Your assignment
Retype the records in full, and please keep the pictures out of the copy.

Source records
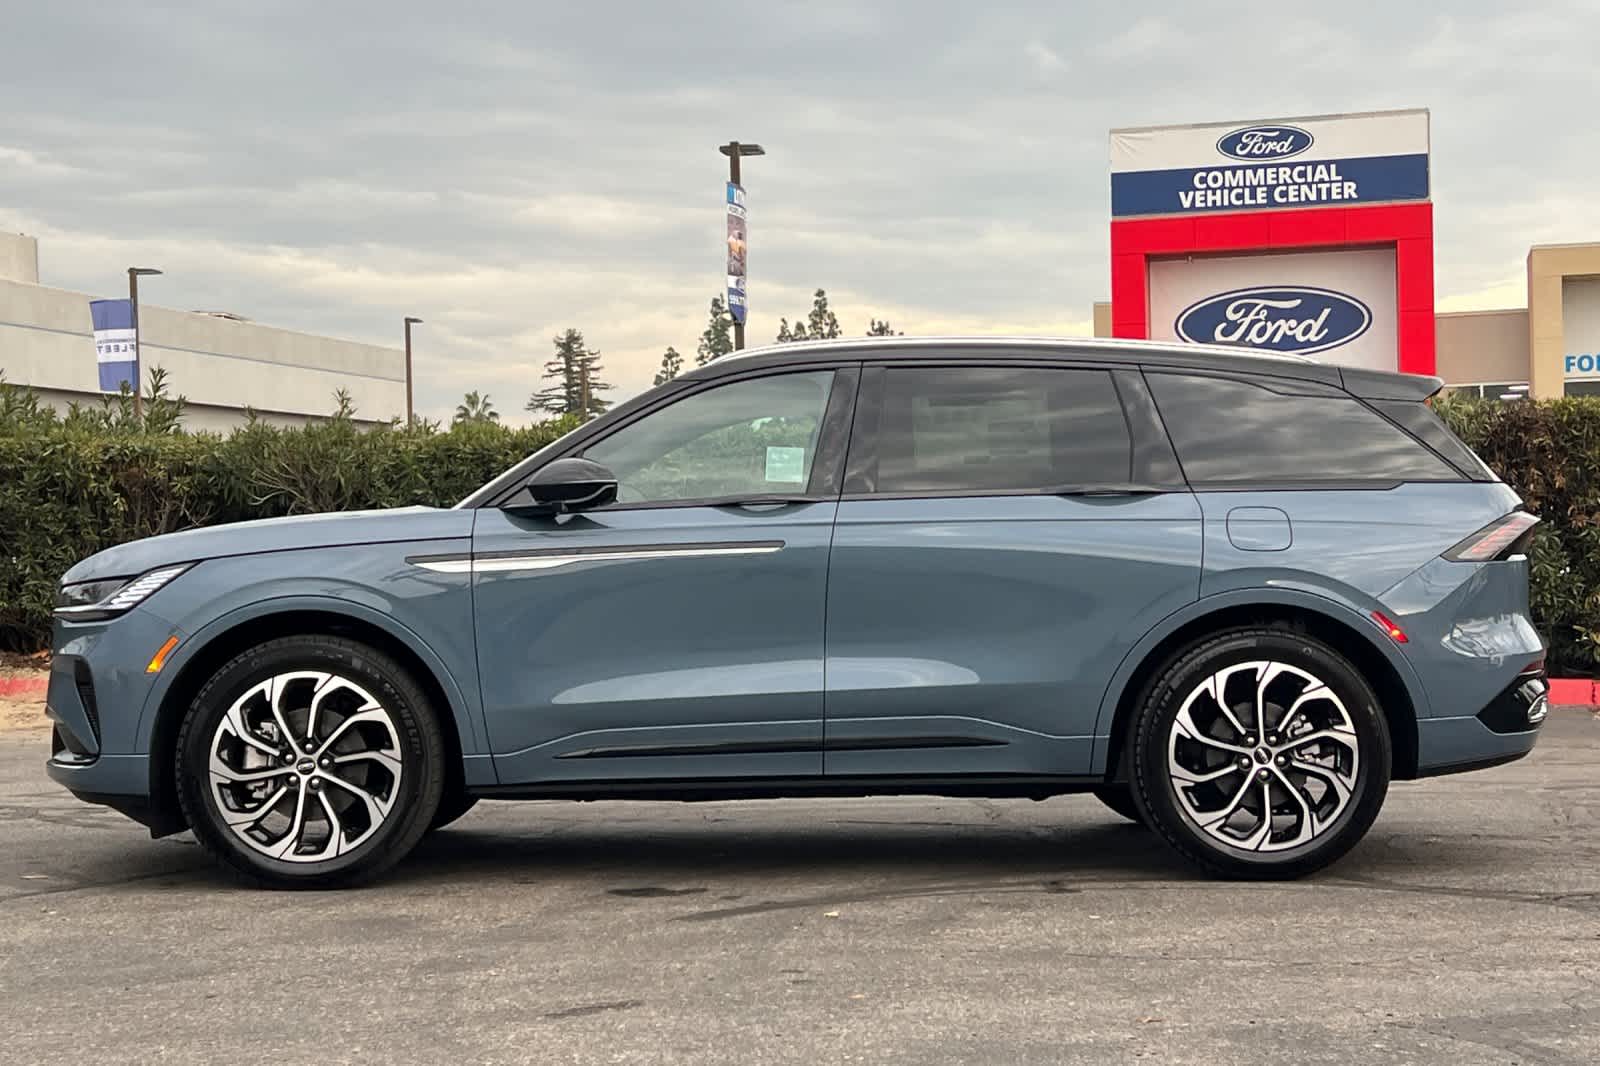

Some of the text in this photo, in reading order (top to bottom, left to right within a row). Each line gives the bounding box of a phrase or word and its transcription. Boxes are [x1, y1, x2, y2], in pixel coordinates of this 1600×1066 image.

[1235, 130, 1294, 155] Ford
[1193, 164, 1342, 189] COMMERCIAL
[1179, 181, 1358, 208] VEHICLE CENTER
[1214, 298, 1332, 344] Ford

Exercise response
Some of the text in this photo, in reading order (top to bottom, left to right within a row). Each line gives the bounding box of a phrase or word and its transcription. Boxes are [x1, y1, x2, y2], in pixel coordinates of this 1600×1066 image.

[1235, 130, 1294, 155] Ford
[1193, 164, 1342, 189] COMMERCIAL
[1179, 181, 1358, 208] VEHICLE CENTER
[1214, 298, 1332, 344] Ford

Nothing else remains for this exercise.